3.1 Overview (important)

Elasticsearch is document oriented, which means it can store entire objects or documents. However, it not
only stores, but also indexes (index) the content of each document so that it can be searched. In Elasticsearch, you can index, search, sort, and filter documents (rather than rows and columns of data). Compared with traditional relational databases, Elasticsearch is as follows:

Relational DB ‐> Databases ‐> Tables ‐> Rows ‐> Columns
Elasticsearch ‐> Indices ‐> Types ‐> Documents ‐> Fields

3.2 Core Concepts

1) index index -

An index is a collection of documents with somewhat similar characteristics. For example, you could have an index for customer data, another index for product catalogs, and another index for order data.
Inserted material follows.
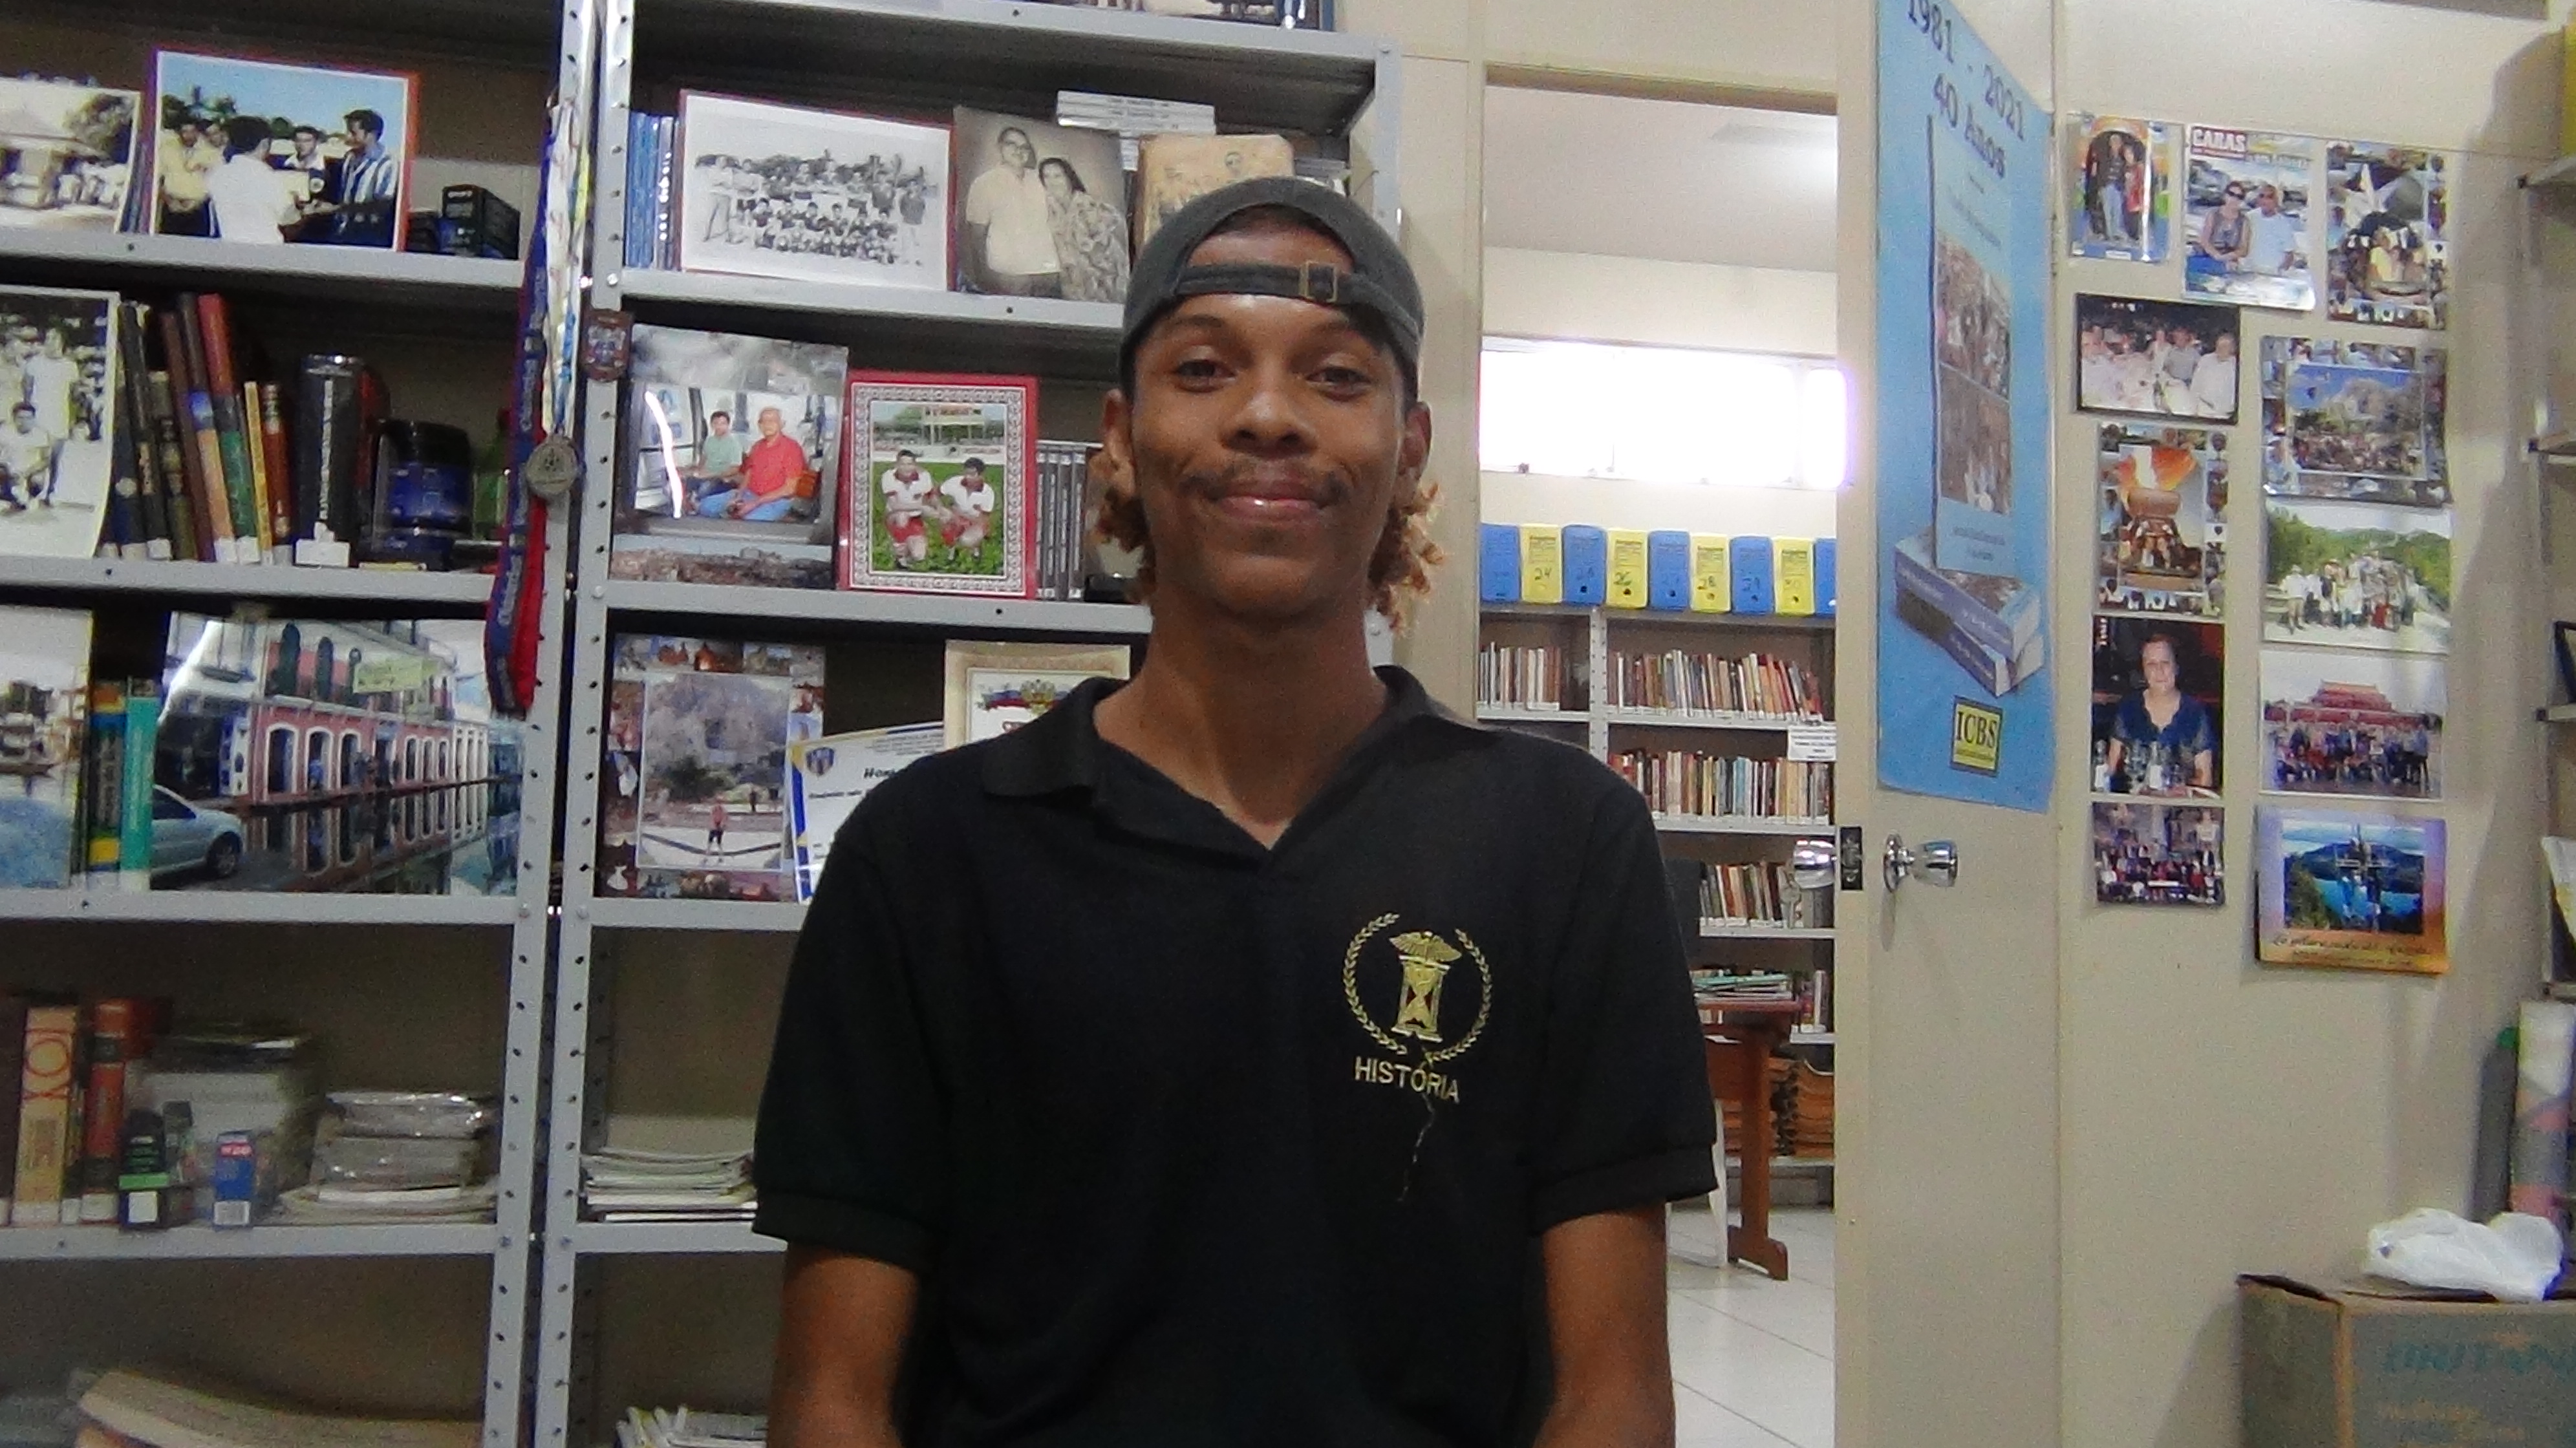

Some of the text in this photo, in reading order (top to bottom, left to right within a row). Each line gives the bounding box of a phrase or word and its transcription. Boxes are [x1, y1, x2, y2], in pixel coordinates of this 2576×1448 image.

An index is identified by a name (must be all lowercase letters), and when we want to index, search, update and delete documents corresponding to this index, we will use this name. In a cluster, any number of indexes can be defined. It can be compared to the database in mysql

2) type type

In an index, you can define one or more types. A type is a logical classification/partition of your index, the semantics of which are entirely up to you. Typically, a type is defined for documents with a common set of fields. For example, let's say you run a blogging platform and store all your data in an index. In this index, you can define one type for user data, another type for blog data, and of course, another type for comment data. Can be compared to tables in mysql

3) Filed field

It is equivalent to the field of the data table, which classifies and identifies the document data according to different attributes.

4) Mapping mapping

Mapping is to make some restrictions on the way of processing data and rules, such as the data type of a certain field, default value, analyzer, whether it is indexed, etc. These are all settings that can be set in the mapping, and others are for processing data in es The use of rule settings is also called mapping. Processing data according to optimal rules can greatly improve performance, so it is necessary to establish mapping, and it is necessary to think about how to establish mapping to improve performance. It is equivalent to the process of creating a table in mysql, setting the primary key and foreign key, etc.

5) document document

A document is a basic unit of information that can be indexed. For example, you can have a document for a certain customer, a document for a certain product, and of course, a document for a certain order. Documents are expressed in JSON (Javascript Object Notation) format, and JSON is a ubiquitous Internet data interaction format. In an index/type, you can store as many documents as you like. Note that although a document, physically exists in an index, the document must be indexed/assigned an index type. Insert the index library in units of documents, analogous to a row of data in the database

6) cluster cluster

A cluster is organized by one or more nodes, which jointly hold the entire data and provide indexing and search functions together. A cluster is identified by a unique name, which by default is "elasticsearch". This name is important because a node can only join a cluster by specifying its name.

7) Node node

A node is a server in the cluster that, as part of the cluster, stores data and participates in the cluster's indexing and search functions. Similar to clusters, a node is also identified by a name. By default, this name is the name of a random Marvel Comics character that is assigned to the node at startup. This name is very important for management work, because in this management process, you will determine which servers in the network correspond to which nodes in the Elasticsearch cluster.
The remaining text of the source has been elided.